> **DESCRIPTION OF THE TASK**: An exact copy of all the lines below is required, with every image left out.

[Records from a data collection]
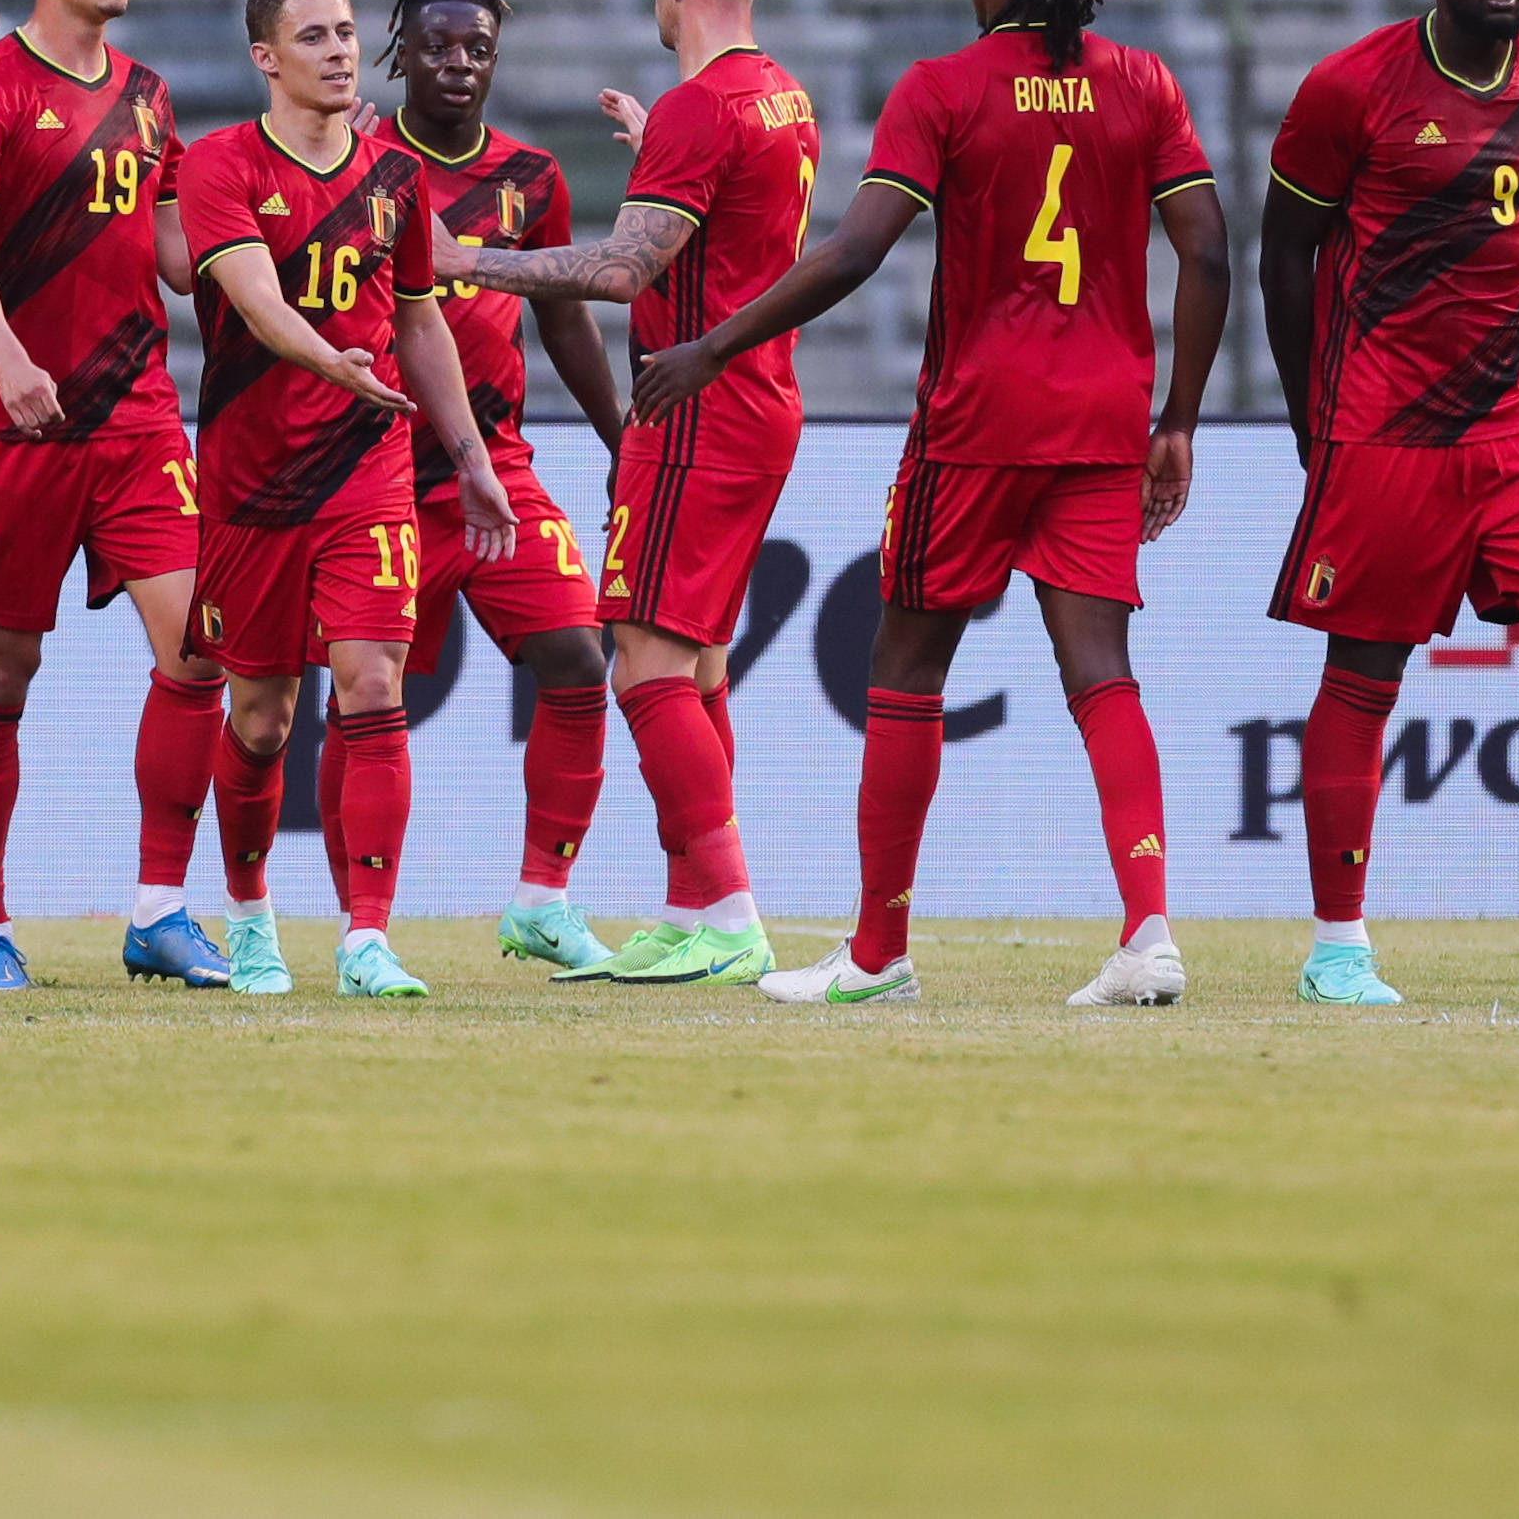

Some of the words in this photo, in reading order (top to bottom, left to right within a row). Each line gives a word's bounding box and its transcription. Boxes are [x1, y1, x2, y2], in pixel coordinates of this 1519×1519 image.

[1013, 75, 1095, 114] BOYATA
[87, 147, 139, 216] 19
[1490, 164, 1519, 227] 9
[1022, 142, 1082, 306] 4
[297, 240, 362, 312] 16
[368, 523, 419, 590] 16
[605, 504, 630, 571] 2
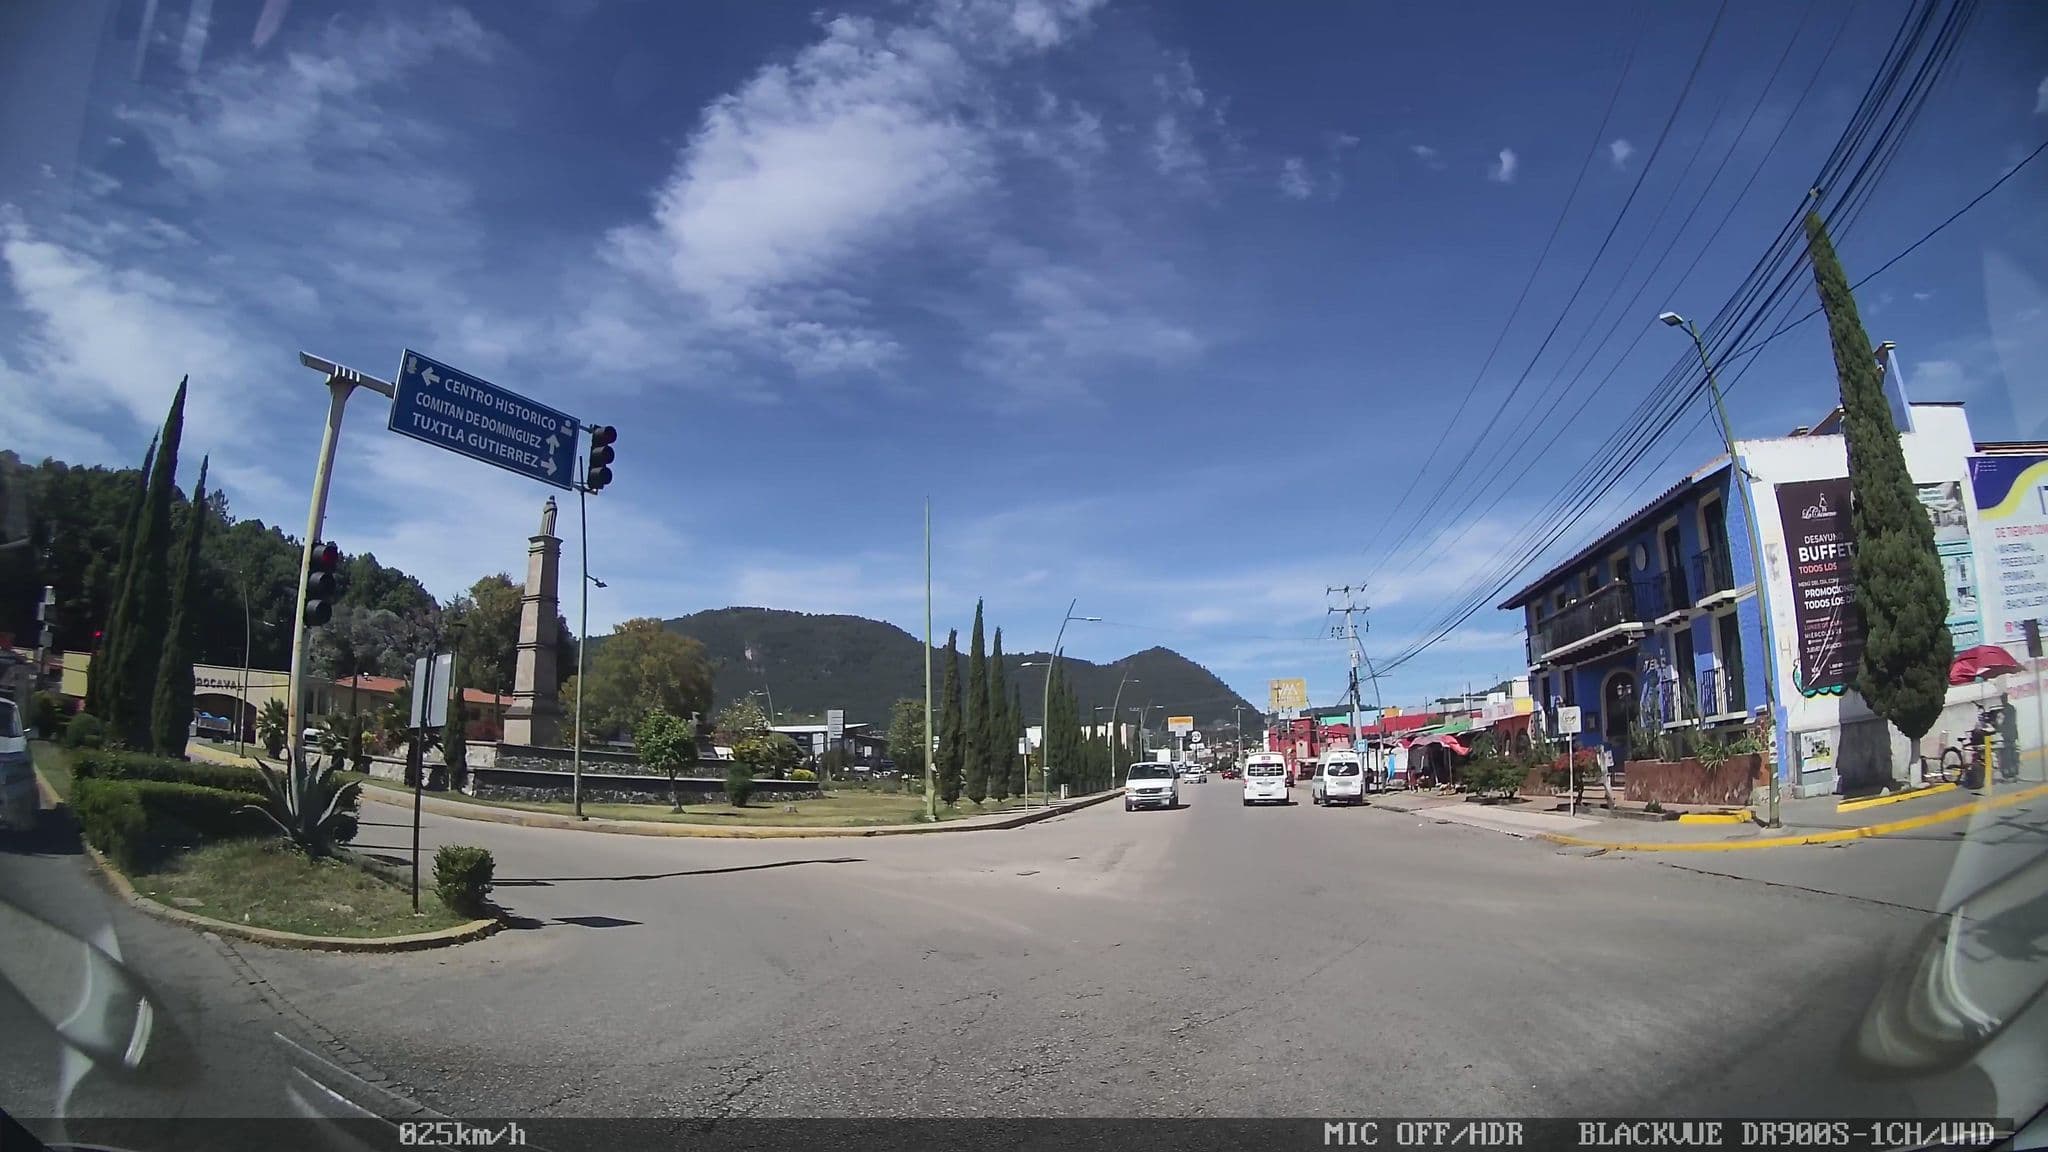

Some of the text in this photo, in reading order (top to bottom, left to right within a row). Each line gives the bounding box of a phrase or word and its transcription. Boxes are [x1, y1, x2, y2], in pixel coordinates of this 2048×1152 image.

[416, 392, 542, 449] COMITAN DE DOMINGUEZ
[445, 378, 556, 431] CENTRO HISTORICO
[412, 411, 539, 468] TUXTLA GUTIERREZ
[1798, 541, 1855, 563] BUFFET
[1798, 561, 1837, 575] TODOS LOS
[1804, 598, 1830, 610] TODOS

> **RESPONSE FOR THIS EXERCISE**:
Some of the words in this photo, in reading order (top to bottom, left to right within a row). Each line gives a word's bounding box and its transcription. Boxes are [x1, y1, x2, y2], in pixel coordinates of this 1519×1519 image.

[1013, 75, 1095, 114] BOYATA
[87, 147, 139, 216] 19
[1490, 164, 1519, 227] 9
[1022, 142, 1082, 306] 4
[297, 240, 362, 312] 16
[368, 523, 419, 590] 16
[605, 504, 630, 571] 2

Some of the text in this photo, in reading order (top to bottom, left to right within a row). Each line gives the bounding box of a phrase or word and its transcription. Boxes are [x1, y1, x2, y2], in pixel coordinates of this 2048×1152 image.

[416, 392, 542, 449] COMITAN DE DOMINGUEZ
[445, 378, 556, 431] CENTRO HISTORICO
[412, 411, 539, 468] TUXTLA GUTIERREZ
[1798, 541, 1855, 563] BUFFET
[1798, 561, 1837, 575] TODOS LOS
[1804, 598, 1830, 610] TODOS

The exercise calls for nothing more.